Tackle and do: why it is sometimes useful to score on the analysis and just develop

    We have been developing Macroscop for almost ten years. And during this time, in the development of intelligent modules, a very solid and serious approach to the creation of new functions has emerged. On the one hand, it is very good. The seriousness of intent comes close to the high quality of the product. But at the same time, solidity can border on the slowness and inoperability of the process.

    Just a couple of years ago, when requests from users came to us to develop something new (not included in the master plan for product development), we had a long time forecasting terms, evaluating the versatility and relevance of the function among a wide range of users. And often they either refused, or estimated implementation dates as very long. But one day we received a request for a large project. In case of successful and quick implementation, the user’s missing function, prospects and scale of implementation of Macroscop were very good. And we started to try! We had a tight time frame, a responsive and helpful user and complete freedom of action.



    And ... everything turned out!

    We made a new feature in a short time. In addition, it was accurate and fast. All were satisfied: the user received the coveted intellectual module, the developers got a great experience, the company - sales.
    This practice marked the beginning of a new approach to the development of intellectual functions in Macroscop: we have become more and easier to meet our users. And it gives its results.

    The most important thing is to identify the real need of the user and together with him clearly formulate the task. When it comes to the rapid development of functions “to order” (hereinafter, we will call them quick functions), it is necessary to stipulate the requirements: what the user wants to see in the end, what to do with accents. Because, conditionally, one needs to work in the first place, others to look cool. When we undertake a fast function, it is not a question of that, as a result, it will work in any conditions with 100% accuracy. We undertake to check the idea itself and try to create for the beginning something that works adequately and is acceptable for use on one particular object. And then, if successful, we refine and bring it to a universal product with good performance.

    When setting the task and priorities are clear, we take on the development. For a short time we are developing a prototype that the user can already appreciate. And give it to the test. If what we have done correlates with what the user needs, and in general he likes, and the method we have used in the development has not yet exhausted itself and has prospects for improving the function, we go further. If it turned out quite differently and not at all, we close the project. And since this happens at an early stage, we lose almost nothing.

    With this approach, developers and users should go as far as possible.each other. The user is also required to be included in the process: it is necessary to thoroughly test the prototype on different cameras and in different conditions, try different settings and press different buttons, give exhaustive feedback: what is convenient, what is not convenient, what does not work as he assesses accuracy, how much the server loads, etc.

    Initially, we satisfy the need of one particular customer, but even before starting work we estimate how universal this function can become in the future, how many people it can help in solving their problems. And further we adapt the quick function so that it is useful and applicable in as many video systems as possible.
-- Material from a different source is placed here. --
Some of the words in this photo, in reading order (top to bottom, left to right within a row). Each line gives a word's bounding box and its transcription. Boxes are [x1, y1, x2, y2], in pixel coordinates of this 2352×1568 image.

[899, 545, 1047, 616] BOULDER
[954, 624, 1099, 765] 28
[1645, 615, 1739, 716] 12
    Do you remember how it all began? .. (c)


    The first quick function for us was the module for counting people in the queue . In general, we had it before, but the conditions of applicability were limited: the module worked only in one projection, when the camera looked strictly from the top down. Once a user approached us who needed to count people in a queue under fundamentally different conditions - when the camera looks at the queue diagonally (straight and slightly above).


    in this perspective, the Macroscop module was able to count


    and, in this way, it learned.

    Everyone liked Macroscop, but lacked the cherished function. The project was very promising, and the user was ready to cooperate with us in every way , if only such a module appeared, and the software could be installed on the object. We decided not to miss the opportunity, and began to develop.
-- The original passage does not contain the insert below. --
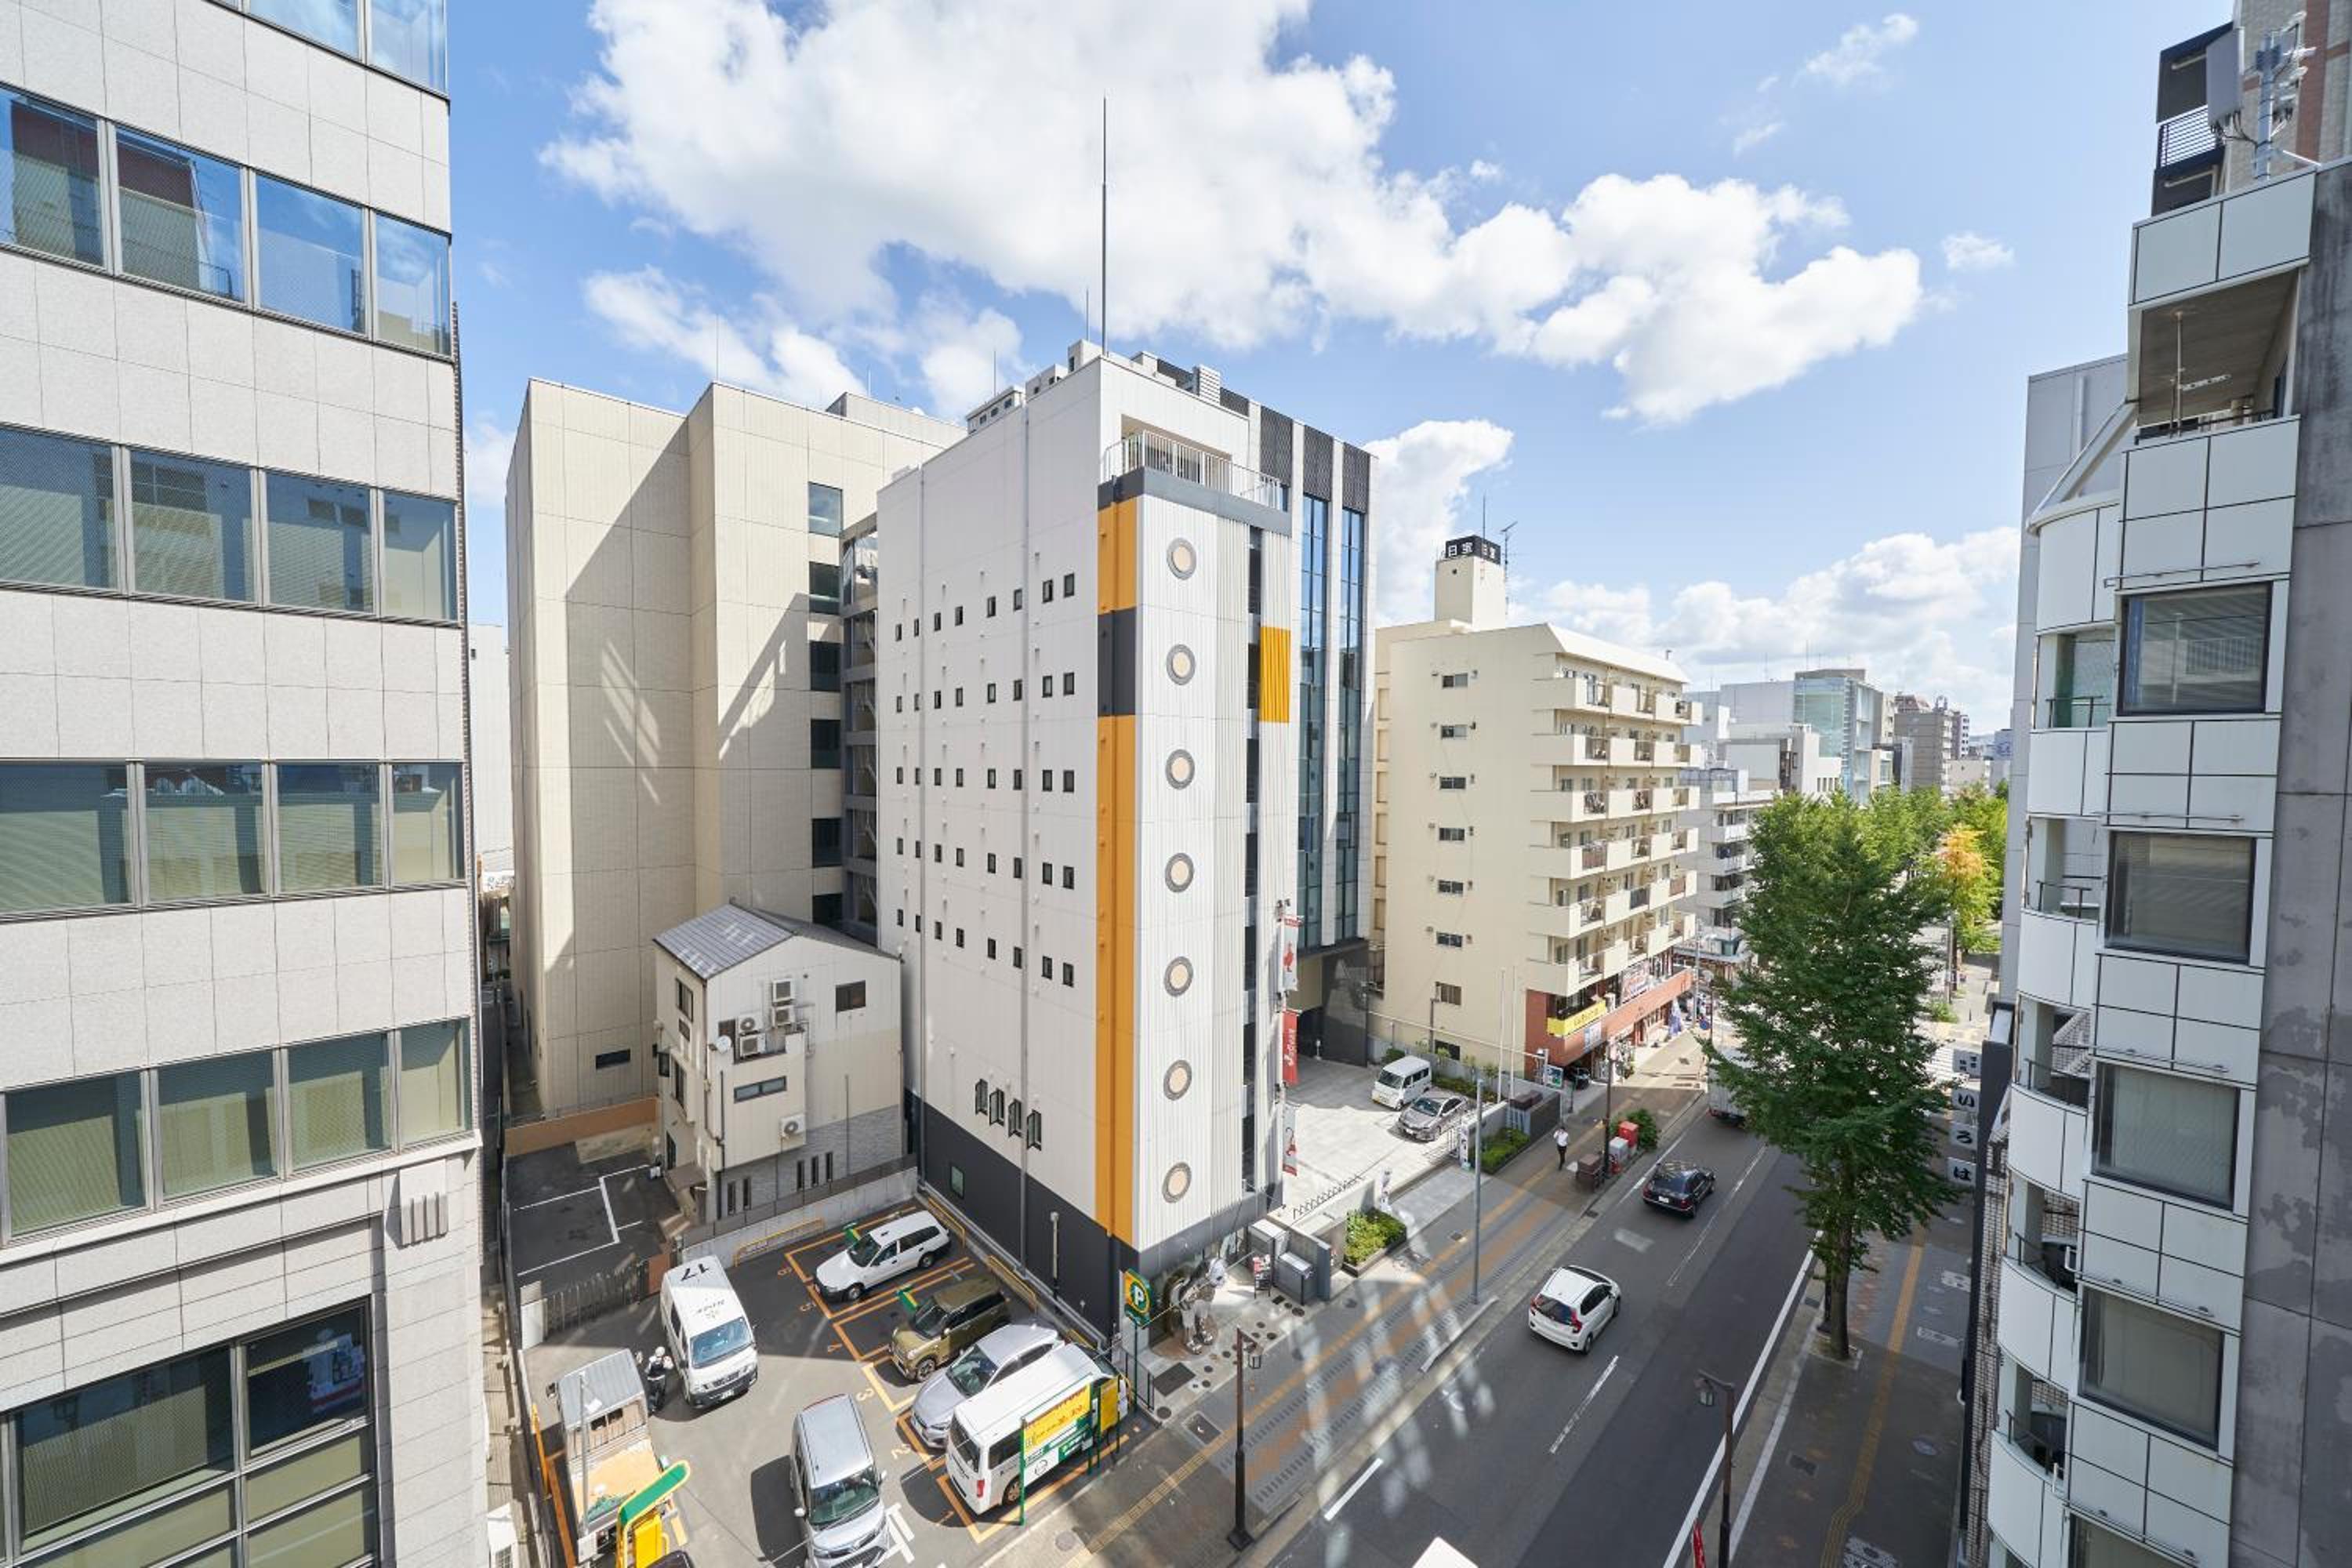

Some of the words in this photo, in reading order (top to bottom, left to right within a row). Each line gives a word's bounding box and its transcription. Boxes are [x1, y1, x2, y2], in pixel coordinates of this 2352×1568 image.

    In the last variation of the module, the task of counting people was solved by the classical methods of computer vision, which imposed serious restrictions on the conditions of use. But as part of the new task, the module had to learn how to count people in fundamentally different, much more complicated conditions.

    The group of the development of intellectual functions was divided into 3 subgroups, and each began to try its own method. All of them were based on the use of neural networks.
    First, I tried to transfer to the module for counting people in queues to the infrastructure of the helmet -free detector developed by us (see the article on how we tried to apply modern neural network technologies to find helmets on people's heads). This approach seemed very logical: helmet detection at a certain stage of work solves a similar problem.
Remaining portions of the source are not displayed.